社員が動かない不安。それは、誰の課題でしょうか。

社員が動かない不安。それは、誰の課題でしょうか。

記事
ビジネス・マーケティング
最近、「人が動いてくれない」「気を使ってばかりで疲れる」
そんなご相談をよくいただきます。

今日は、ある講師の方とのセッションを通して見えた、
“他人軸の不安”から“自分軸の安心”へ変わる瞬間をお話しします。

「環境改善のセミナーをしているんですが……
社員さんが動いてくれない気がして、不安なんです。」

そう話してくださったのは、
企業研修を担当している女性講師のAさん。

依頼主は社長さん。けれど、実際に向き合うのは社員の皆さん。

「社長の期待にも応えたいし、社員にも響かせたい」
その想いが強いほど、心が落ち着かなくなってしまう。
研修が終わっても「これで良かったのかな」という不安が残るそうです。

私は少し間をおいてから、静かに尋ねました。

「Aさん、ほんとうは、どうしたいですか?」

彼女は少し黙ったあと、
ゆっくりと息を吐いて答えました。

「……社員さんを変えたいわけじゃないんです。
私、自分が安心して話せる場をつくりたいんです。
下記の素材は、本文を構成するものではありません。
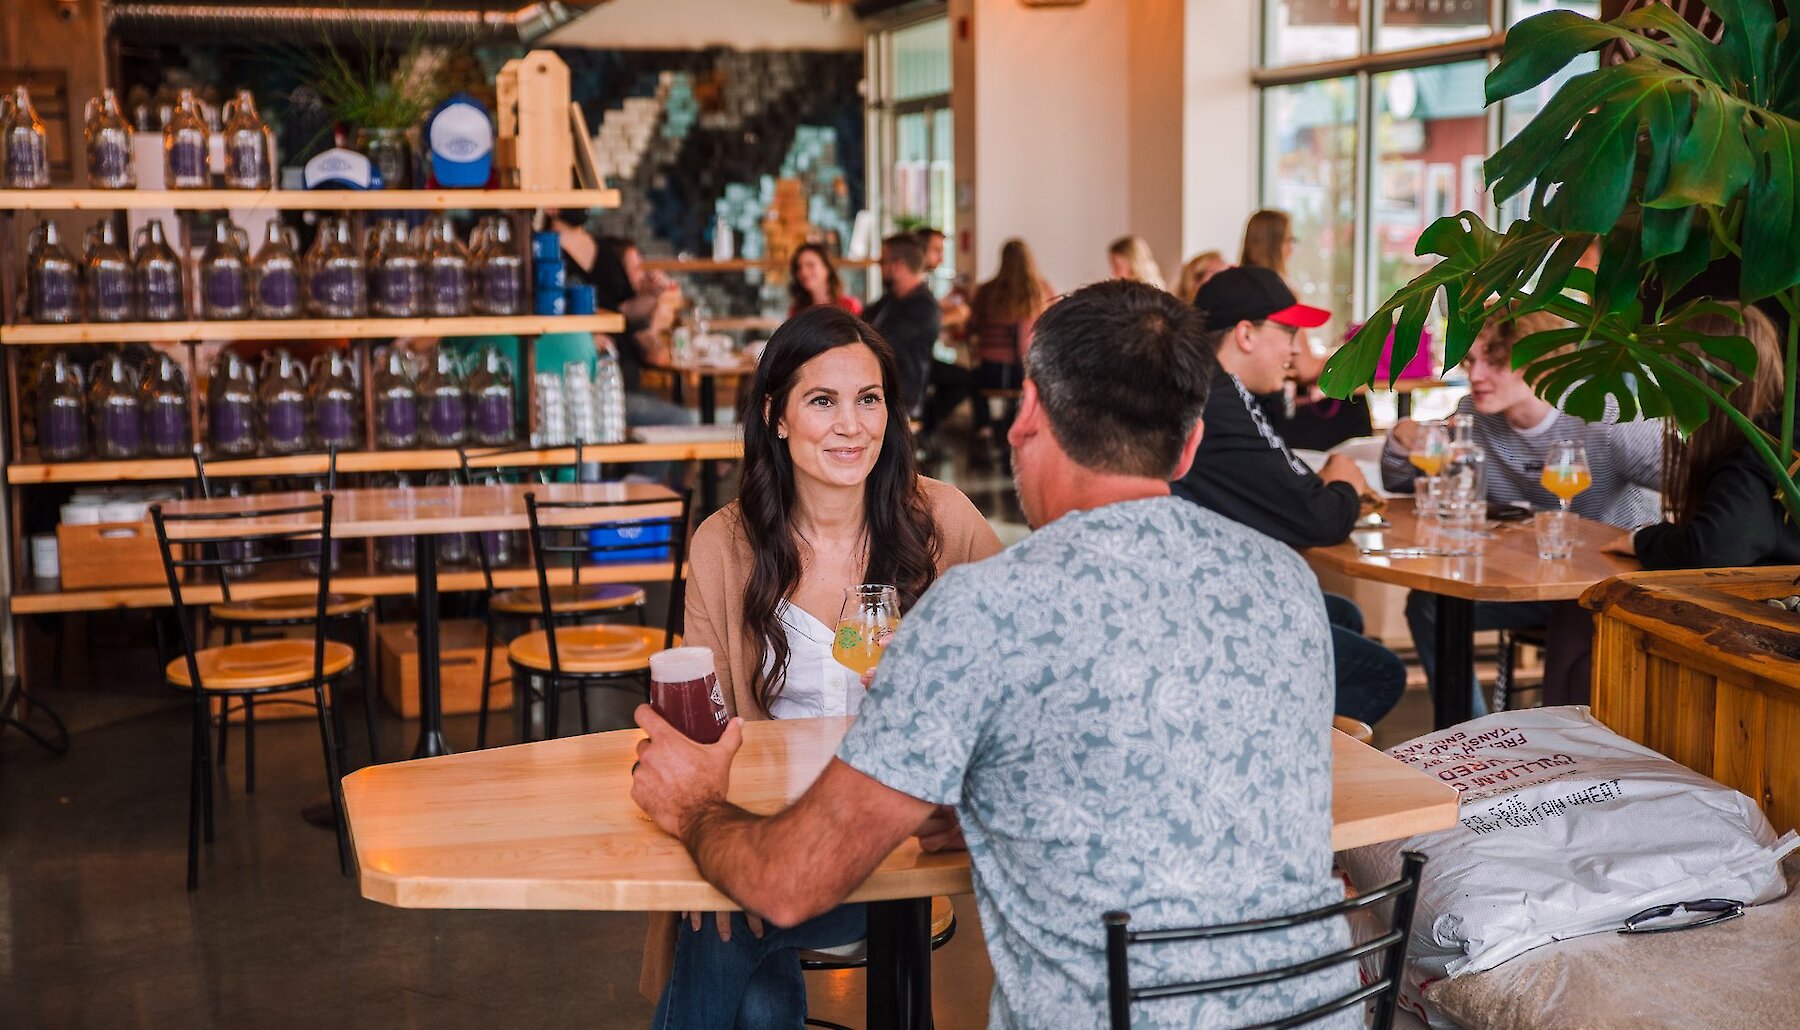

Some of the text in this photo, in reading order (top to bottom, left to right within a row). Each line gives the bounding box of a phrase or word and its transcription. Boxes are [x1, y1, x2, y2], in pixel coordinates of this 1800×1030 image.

[1461, 733, 1528, 755] FREH
[1504, 798, 1567, 828] CONTAIN
[1565, 778, 1622, 806] WHEAT
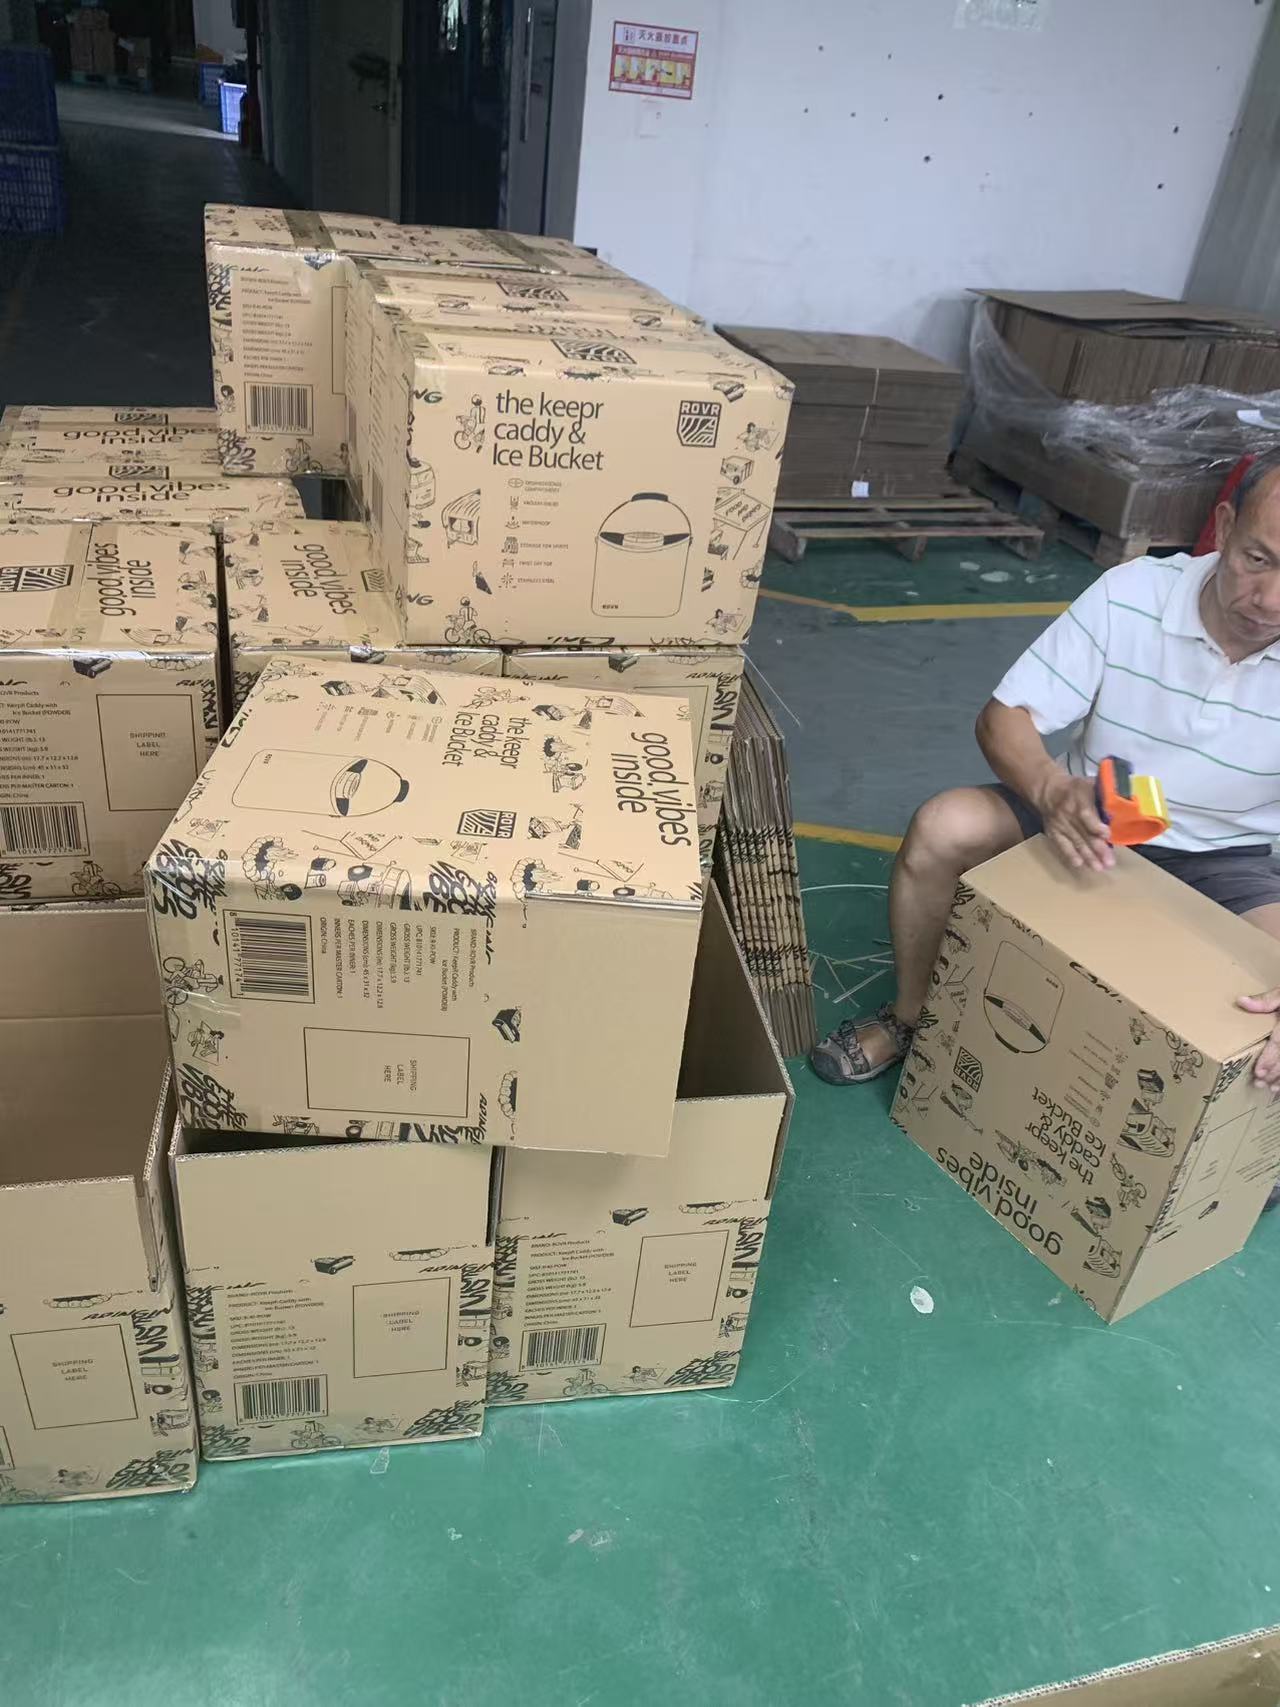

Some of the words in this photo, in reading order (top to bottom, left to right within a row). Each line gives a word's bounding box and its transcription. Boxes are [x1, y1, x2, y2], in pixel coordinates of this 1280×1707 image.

[496, 389, 534, 415] the
[540, 392, 604, 425] keepr
[681, 402, 720, 415] ROVR
[64, 428, 140, 440] good
[149, 428, 221, 436] vibes
[101, 434, 182, 444] inside
[494, 418, 564, 449] caddy
[568, 421, 586, 444] &
[493, 443, 523, 467] Ice
[529, 445, 604, 471] Bucket
[54, 483, 140, 497] good
[150, 482, 230, 492] vibes
[96, 490, 190, 502] inside
[86, 543, 120, 576] vibes
[294, 544, 348, 577] good
[117, 559, 156, 598] inside
[280, 560, 324, 597] inside
[88, 577, 136, 616] good
[320, 580, 357, 614] vibes
[454, 712, 480, 726] Ice
[470, 714, 504, 748] caddy
[507, 718, 532, 735] the
[442, 727, 475, 767] Bucket
[474, 748, 498, 758] &
[497, 736, 530, 769] keepr
[631, 732, 689, 784] good
[611, 753, 658, 813] inside
[498, 812, 516, 838] ROVR
[652, 790, 696, 846] vibes
[396, 1064, 404, 1085] LABEL
[1032, 1086, 1083, 1138] Bucket
[1040, 1113, 1053, 1131] &
[1025, 1122, 1067, 1165] keepr
[1053, 1125, 1100, 1168] caddy
[1084, 1130, 1106, 1158] Ice
[936, 1147, 990, 1203] vibes
[970, 1152, 1038, 1220] inside
[1069, 1157, 1094, 1185] the
[994, 1197, 1063, 1255] good
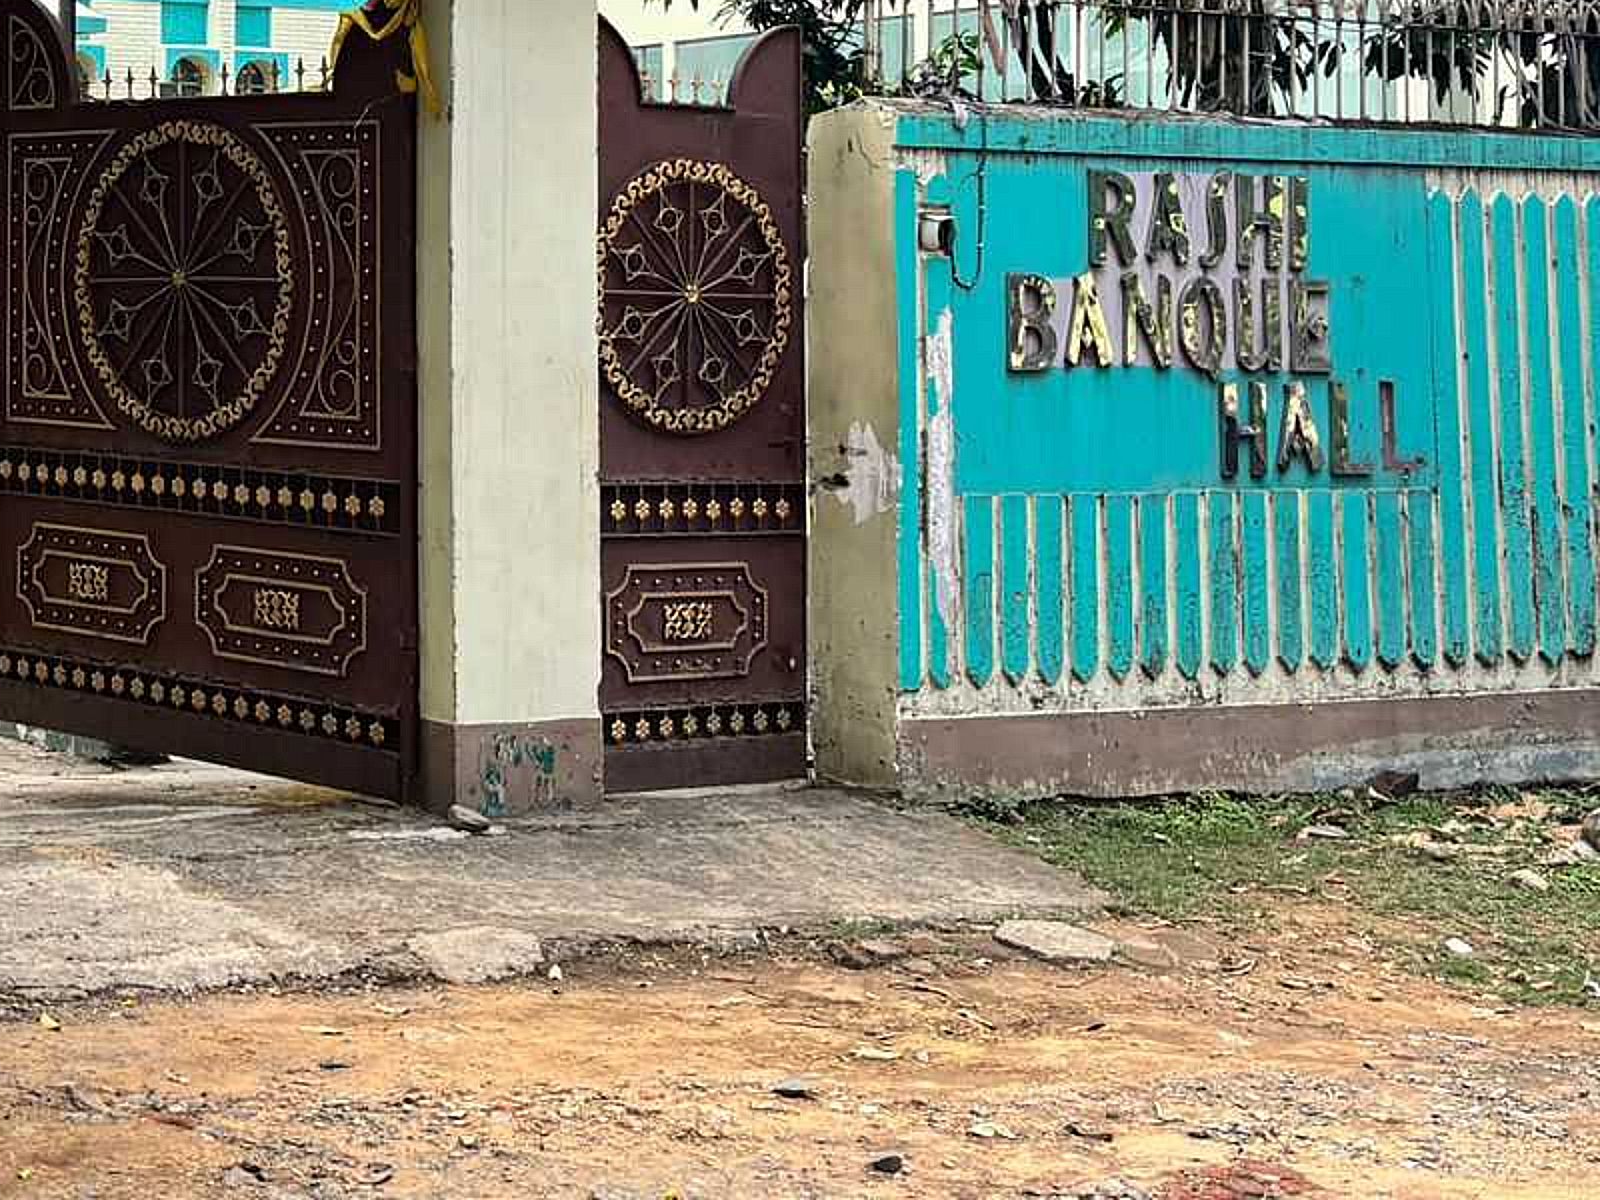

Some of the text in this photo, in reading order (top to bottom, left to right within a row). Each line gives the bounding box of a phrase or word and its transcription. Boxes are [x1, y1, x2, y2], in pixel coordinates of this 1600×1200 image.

[1087, 167, 1310, 272] RASHI
[1006, 271, 1331, 382] BANQUE
[1219, 379, 1425, 480] HALL
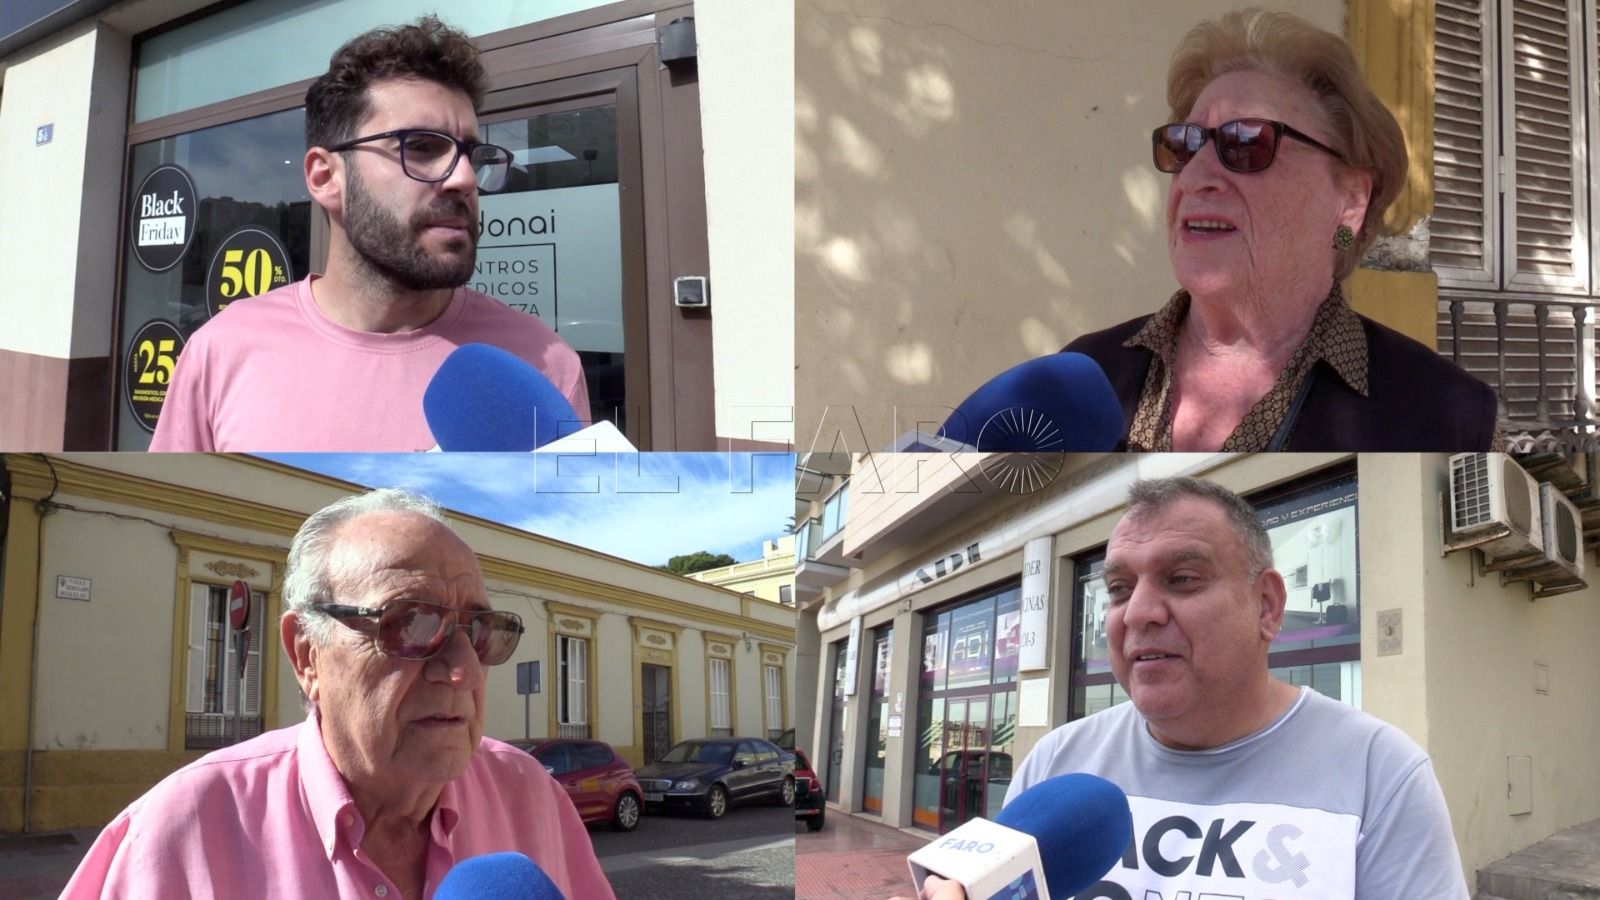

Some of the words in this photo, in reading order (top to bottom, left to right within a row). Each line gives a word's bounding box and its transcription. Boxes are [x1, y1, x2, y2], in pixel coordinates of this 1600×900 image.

」

その言葉が出た瞬間、空気がふっとやわらぎました。
長く抱えてきた“誰かを変えなきゃ”という緊張が、
静かに溶けていったのです。

人の不安の多くは、
「自分の力ではどうにもできないこと」を
なんとかしようとするところから生まれます。

それは、他人軸にいるサインです。

でも、自分軸に戻ると、
「自分ができること」と「相手に委ねること」の境界が見えてきます。
そして不安がやさしく静まっていきます。

Aさんもそのことに気づいたあと、
セミナーの内容が少しずつ変わっていきました。

以前は、
「職場を整える」「探し物を減らす」「ルールを守る」など、
社員さんに向けた“やり方”の話が中心でした。

でも今は、自分の体験を語るようになりました。

「机を整えると、自分の気持ちまで整いました」
「探し物が減ると、心に余裕が生まれるんです」

理屈ではなく、経験から生まれた言葉。
それが聞く人の心に届くようになったのです。

人は、整った人のそばで安心します。
安心できる場所では、人は自然と動き出します。

だから本当に大切なのは、
相手を変えるスキルではなく、
自分軸で立つ「あり方」なのだと思います。

セッションの最後に、Aさんは穏やかな笑顔で言いました。

「やっとわかりました。
社員を変えるより、自分が整えばいいんですね。」

その瞬間、もう焦りはありませんでした。

人を変えようとする不安の奥には、
「自分を信じきれない」小さな迷いが隠れています。

けれど、自分軸に戻ると、
不思議とまわりも変わり始めます。

それが、コーチングのいちばん深いところだと感じます。

もし今、
「人が思うように動いてくれない」
「頑張っているのに空回りしてしまう」
そんなもやもやを感じている方がいたら、
少し立ち止まって、自分の軸を見つめてみませんか。

人は、自分の軸に戻るだけで、
まわりの人の動きも、空気も、少しずつ変わっていきます。